BOISE, Idaho – The Transportation Security Administration (TSA) at Boise Airport has installed a new computed tomography (CT) scanner in the security checkpoint. The scanner utilizes state-of-the art technology and improves the ability of TSA officers to detect items inside carry-on luggage that are potential security threats.
The CT scanner applies a sophisticated algorithm during the screening process while an X-ray camera shoots hundreds of images while spinning around the conveyor belt, generating a 3-D image of the item being screened.
A TSA officer is able to rotate the X-ray image on-screen for a thorough visual analysis. This additional capability makes it easier to detect shapes and densities of items including bulk and liquid explosives, which are the greatest threat to commercial aviation.
“Because the CT unit provides improved security threat detection capabilities, the TSA officer is able to get a better view of the contents of the bag. This will result in fewer bag checks and reduced contact with travelers’ belongings,” said TSA Federal Security Director for Idaho Andy Coose. “During the coronavirus pandemic, the reduction of potential touchpoints is good news for travelers and TSA employees alike.”

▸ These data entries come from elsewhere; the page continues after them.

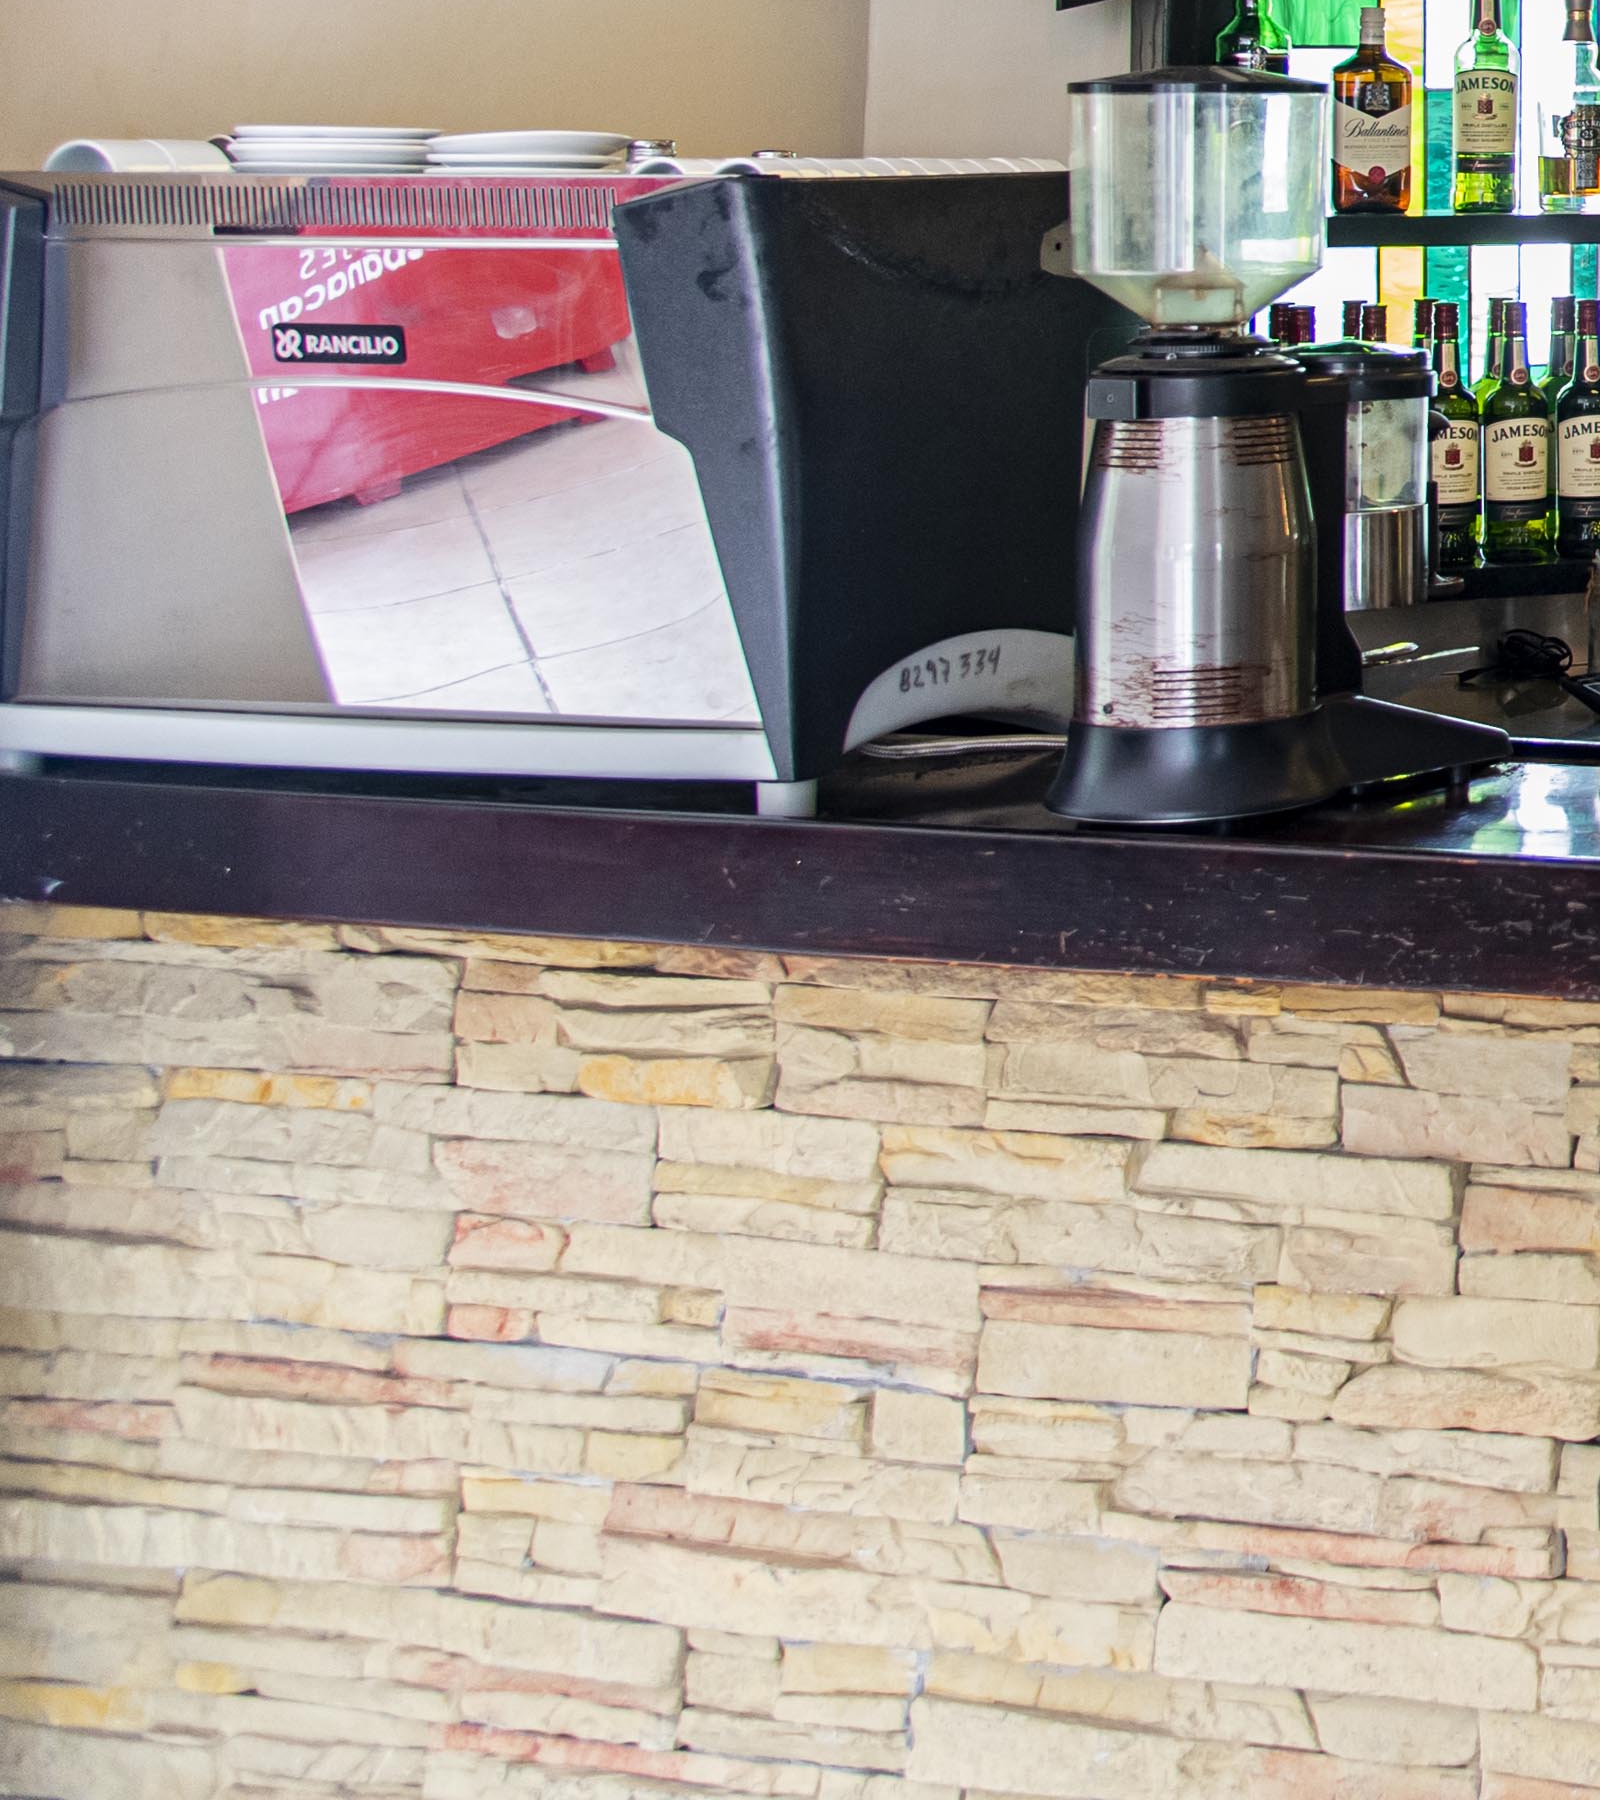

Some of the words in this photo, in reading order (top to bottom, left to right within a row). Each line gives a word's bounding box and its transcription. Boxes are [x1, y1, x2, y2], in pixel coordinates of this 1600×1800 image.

[1455, 76, 1515, 94] JAMESON
[1344, 118, 1410, 137] Ballantine's
[304, 334, 399, 356] RANCILIO
[1492, 423, 1546, 443] JAMESO
[899, 656, 951, 693] 8297
[958, 644, 1001, 679] 334
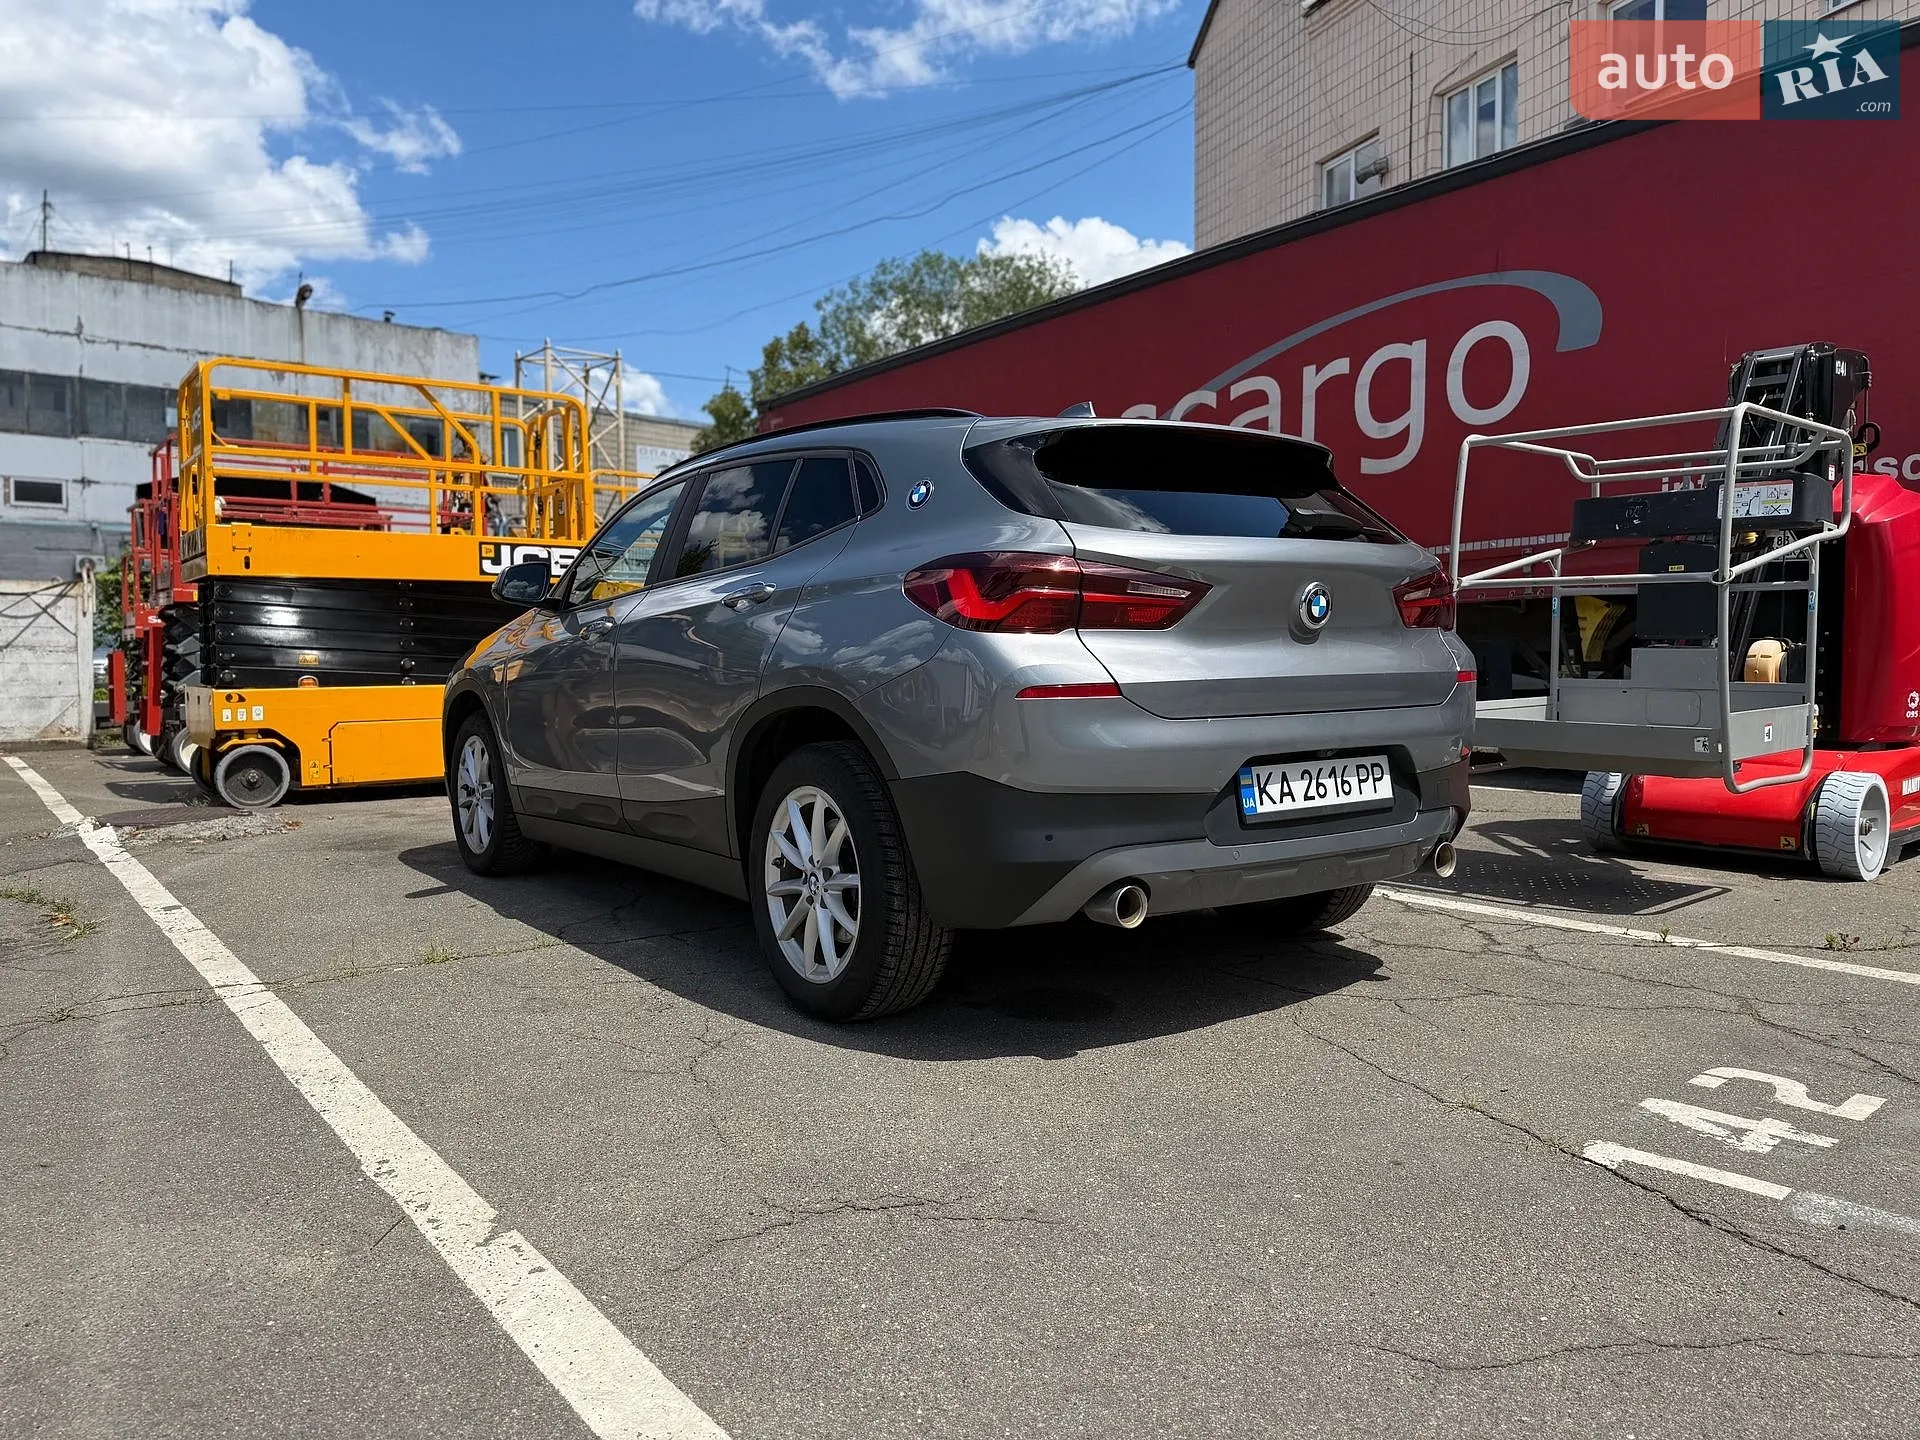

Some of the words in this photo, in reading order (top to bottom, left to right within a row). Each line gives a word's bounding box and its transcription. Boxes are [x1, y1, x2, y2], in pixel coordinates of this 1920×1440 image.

[1256, 771, 1296, 806] KA
[1301, 764, 1351, 801] 2616
[1355, 762, 1385, 795] PP
[1243, 797, 1255, 808] UA

Travelers whose carry-on luggage is screened by a CT scanner can leave laptops and other electronic devices in their carry-on bags. Travel-size liquids should be removed prior to X-ray screening.
This technology is similar to what is currently used in the medical field during a CT scan. TSA has used CT technology to screen checked baggage for several years and is in the process of installing the compact CT units in airport security checkpoints across the country. TSA began using the CT scanner at Boise Airport earlier this week.